◆ Your instructions
When you return the data, keep every line exactly as it is and leave out the pictures.

◆ Material to process

= = = =

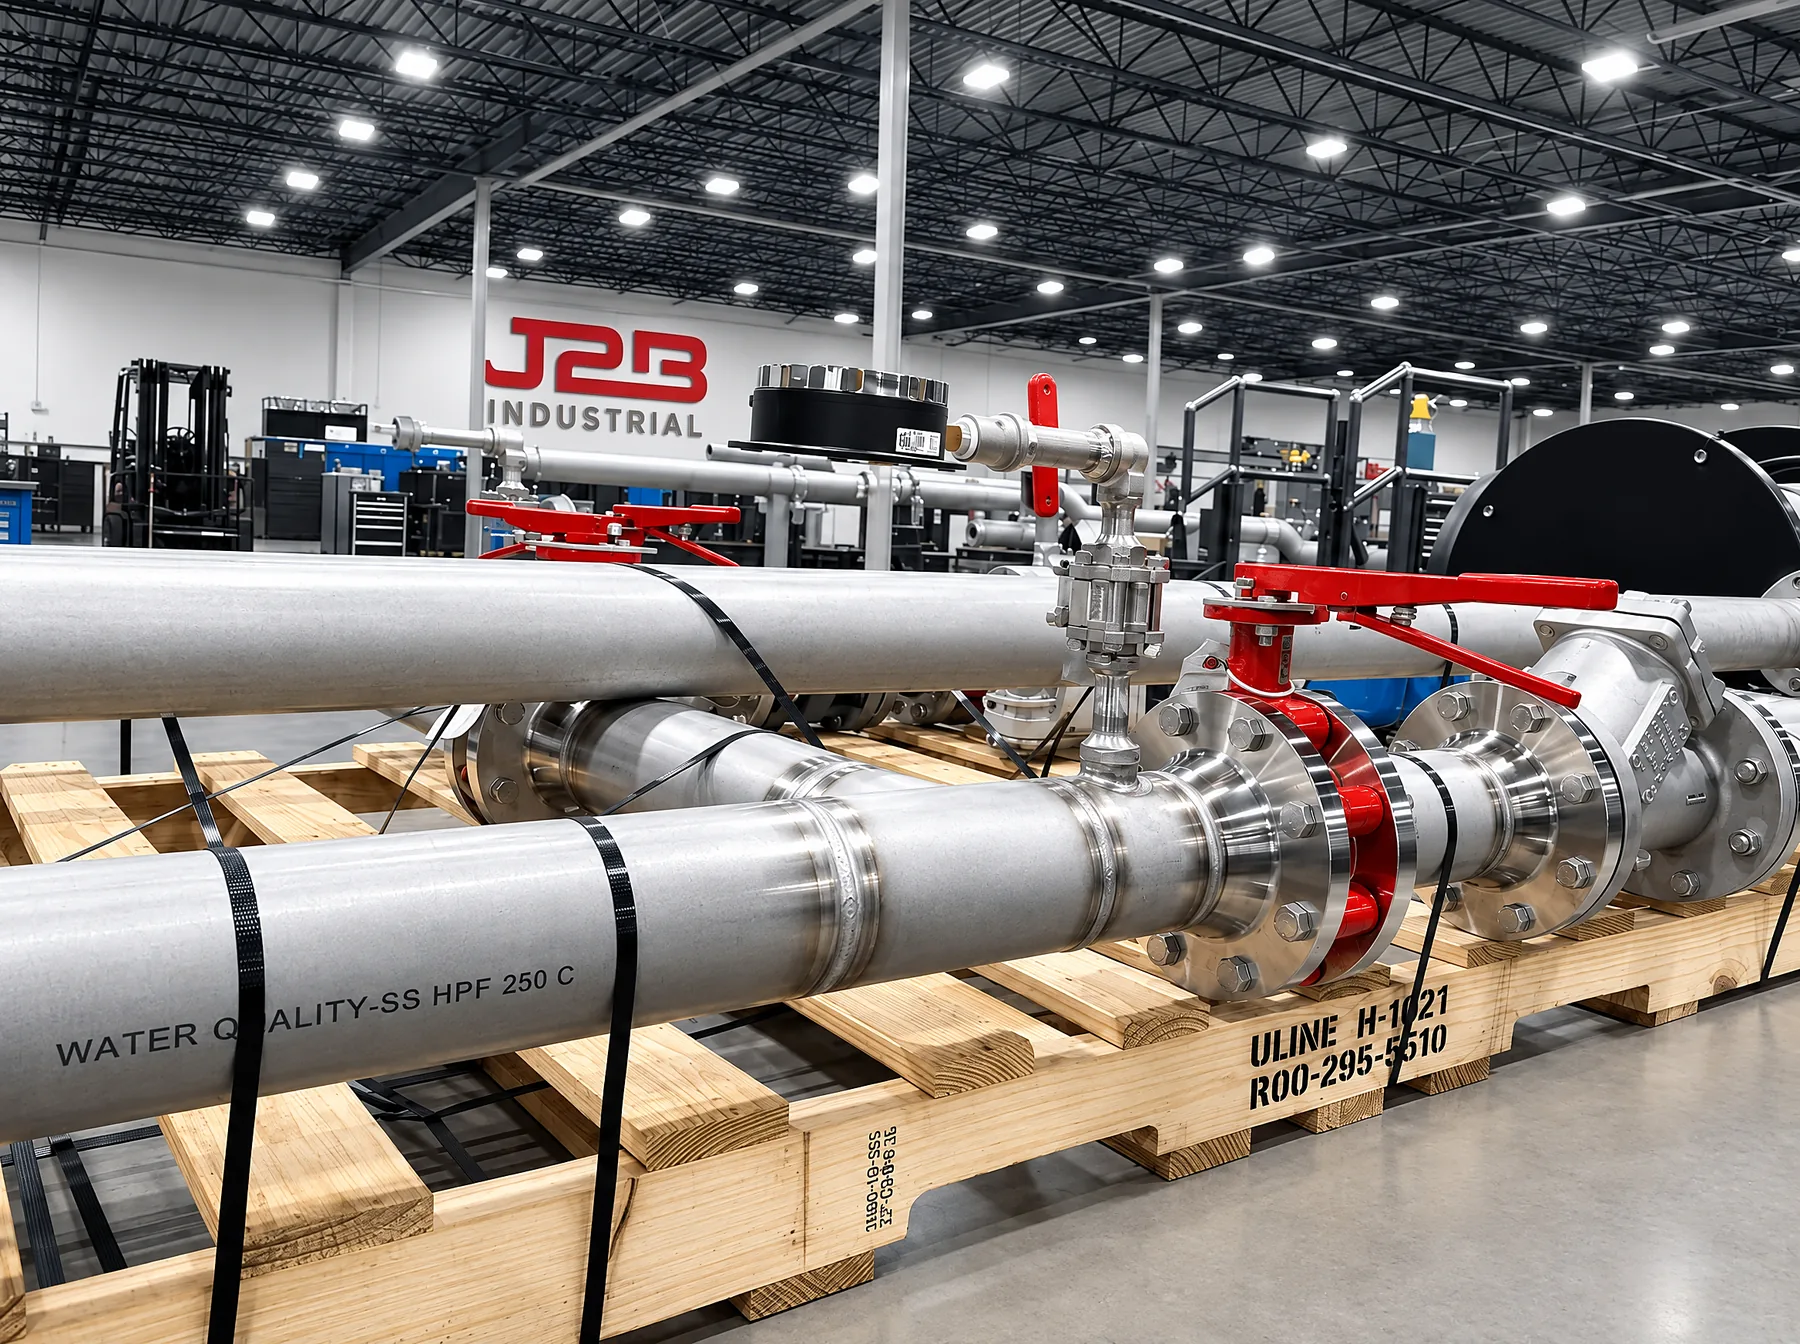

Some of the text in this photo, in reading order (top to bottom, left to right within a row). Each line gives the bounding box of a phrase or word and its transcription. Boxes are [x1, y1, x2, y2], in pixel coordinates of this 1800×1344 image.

[485, 317, 708, 403] J2B
[488, 399, 702, 437] INDUSTRIAL
[55, 965, 575, 1066] WATER QALITY-SS HPF 250 C
[1250, 1014, 1339, 1067] ULINE

= = = =

◆ Solution to this problem
Some of the text in this photo, in reading order (top to bottom, left to right within a row). Each line gives the bounding box of a phrase or word and its transcription. Boxes are [x1, y1, x2, y2], in pixel coordinates of this 1800×1344 image.

[485, 317, 708, 403] J2B
[488, 399, 702, 437] INDUSTRIAL
[55, 965, 575, 1066] WATER QALITY-SS HPF 250 C
[1250, 1014, 1339, 1067] ULINE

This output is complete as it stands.